Scientific classification
- Kingdom: Animalia
- Phylum: Chordata
- Class: Reptilia
- Clade: Dinosauria
- Clade: Saurischia
- Clade: Theropoda
- Family: †Spinosauridae
- Genus: †Oxalaia Kellner et al., 2011
- Species: †O. quilombensis
- Binomial name: †Oxalaia quilombensis Kellner et al., 2011
- Synonyms: Oxalaia quilimboensis Arden et al., 2018 (lapsus calami);

= Oxalaia =

- Genus: Oxalaia
- Species: quilombensis
- Authority: Kellner et al., 2011
- Synonyms: Oxalaia quilimboensis Arden et al., 2018 (lapsus calami)
- Parent authority: Kellner et al., 2011

Extinct genus of dinosaurs

Oxalaia (in reference to the African deity Oxalá) is a genus of spinosaurid dinosaur that lived in what is now the Northeast Region of Brazil during the Cenomanian stage of the Late Cretaceous period, sometime between 100.5 and 93.9 million years ago.
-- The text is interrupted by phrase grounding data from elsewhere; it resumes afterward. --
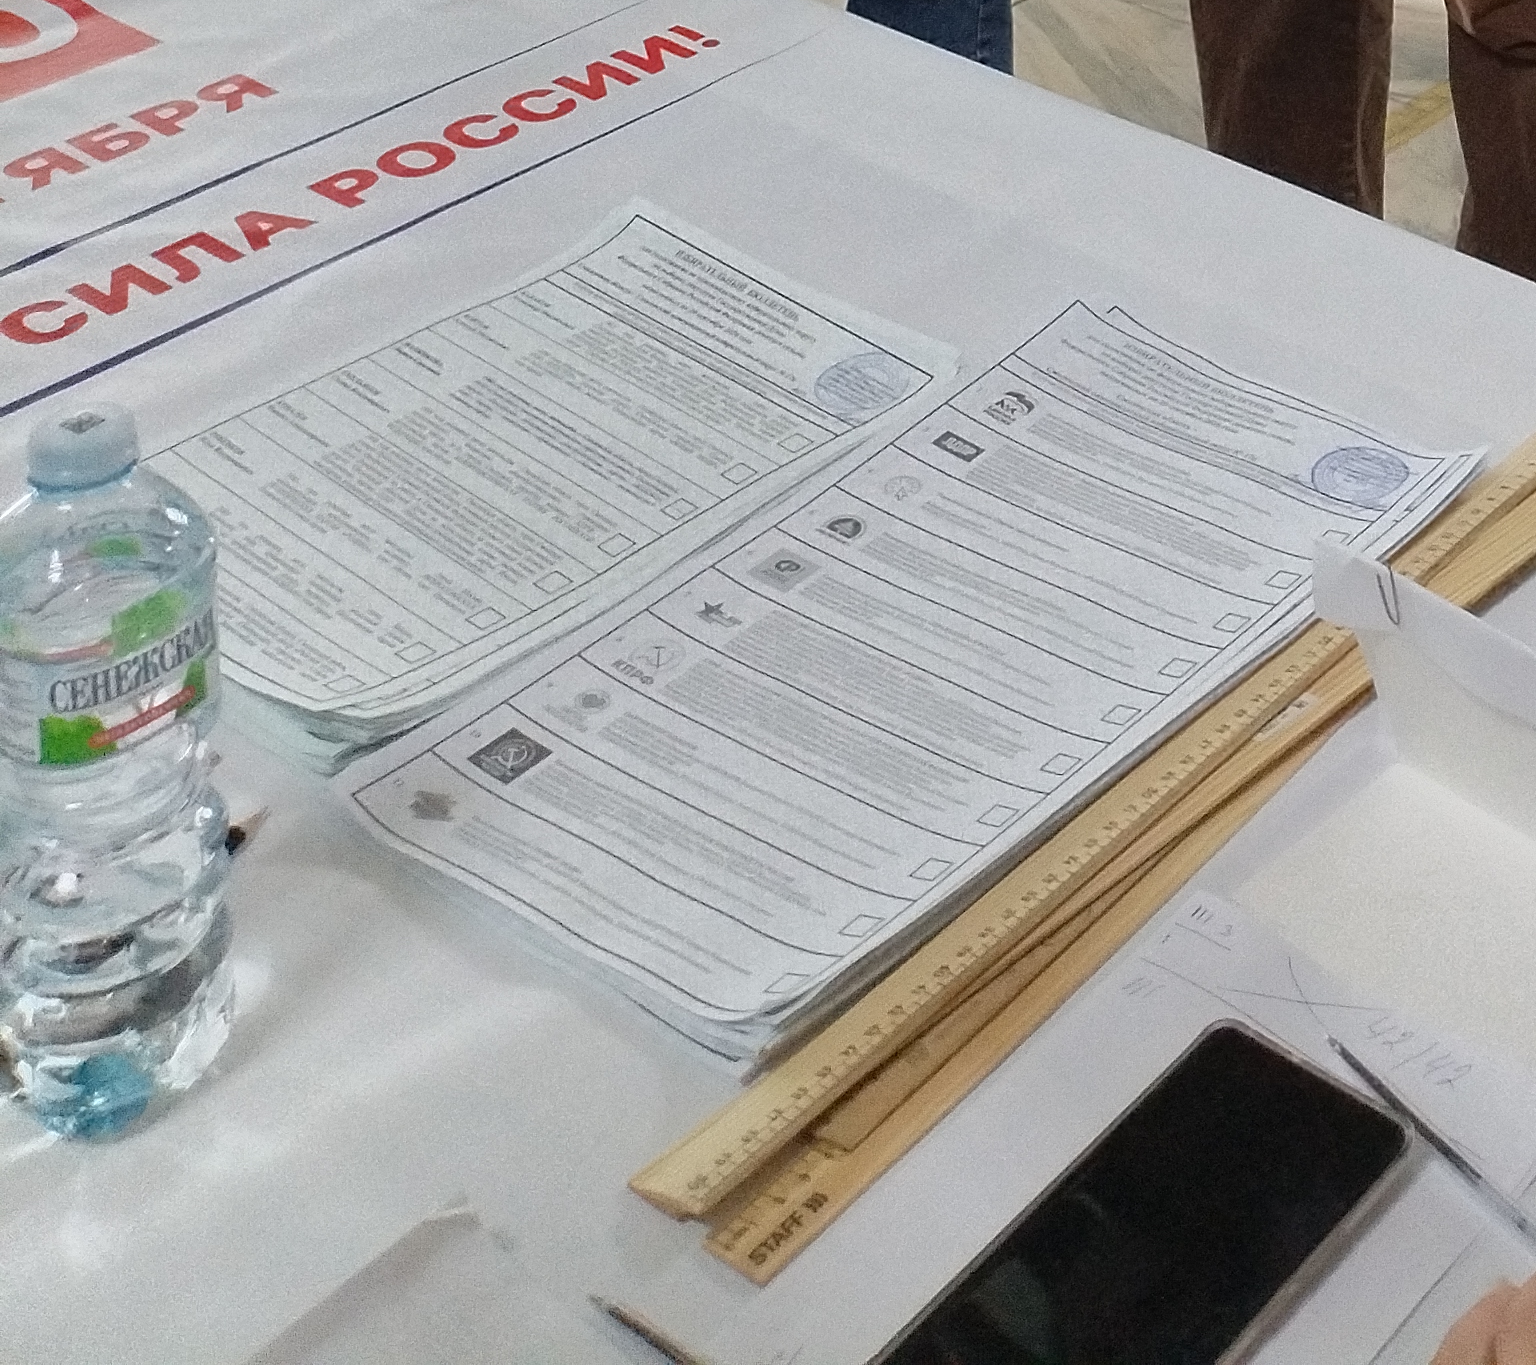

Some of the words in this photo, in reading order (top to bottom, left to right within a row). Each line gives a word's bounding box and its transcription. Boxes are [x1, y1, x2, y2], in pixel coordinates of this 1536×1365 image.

[0, 74, 279, 203] ЯБРЯ
[0, 211, 318, 344] СИЛА
[306, 25, 721, 208] РОССИИ!
[611, 659, 654, 685] КПРФ
[748, 1209, 804, 1266] STAFF
Its fossils were found in 1999 on Cajual Island in the rocks of the Alcântara Formation, which is known for its abundance of fragmentary, isolated fossil specimens. The remains of Oxalaia were described in 2011 by Brazilian palaeontologist Alexander Kellner and colleagues, who assigned the specimens to a new genus containing one species, Oxalaia quilombensis. The species name refers to the Brazilian quilombo settlements. Oxalaia quilombensis is the eighth officially named theropod species from Brazil and the largest carnivorous dinosaur discovered there. One study suggested that this taxon is a junior synonym of the closely related African genus Spinosaurus, but some subsequent studies consider the genus to be diagnostic.
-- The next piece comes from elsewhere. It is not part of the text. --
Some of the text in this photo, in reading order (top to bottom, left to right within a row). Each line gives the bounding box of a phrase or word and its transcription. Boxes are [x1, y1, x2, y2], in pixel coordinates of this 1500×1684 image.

Although Oxalaia is known only from two partial skull bones, Kellner and colleagues found that its teeth and had a few distinct features not seen in other spinosaurids or theropods, including two replacement teeth in each socket and a very sculptured secondary palate. Oxalaias habitat was tropical, heavily forested, and surrounded by an arid landscape. This environment had a large variety of lifeforms also present in Middle-Cretaceous North Africa, due to the connection of South America and Africa as parts of the supercontinent Gondwana. As a spinosaurid, the traits of Oxalaias skull and dentition indicate a partly piscivorous (fish-eating) lifestyle similar to that of modern crocodilians. Fossil evidence suggests spinosaurids also preyed on other animals such as small dinosaurs and pterosaurs.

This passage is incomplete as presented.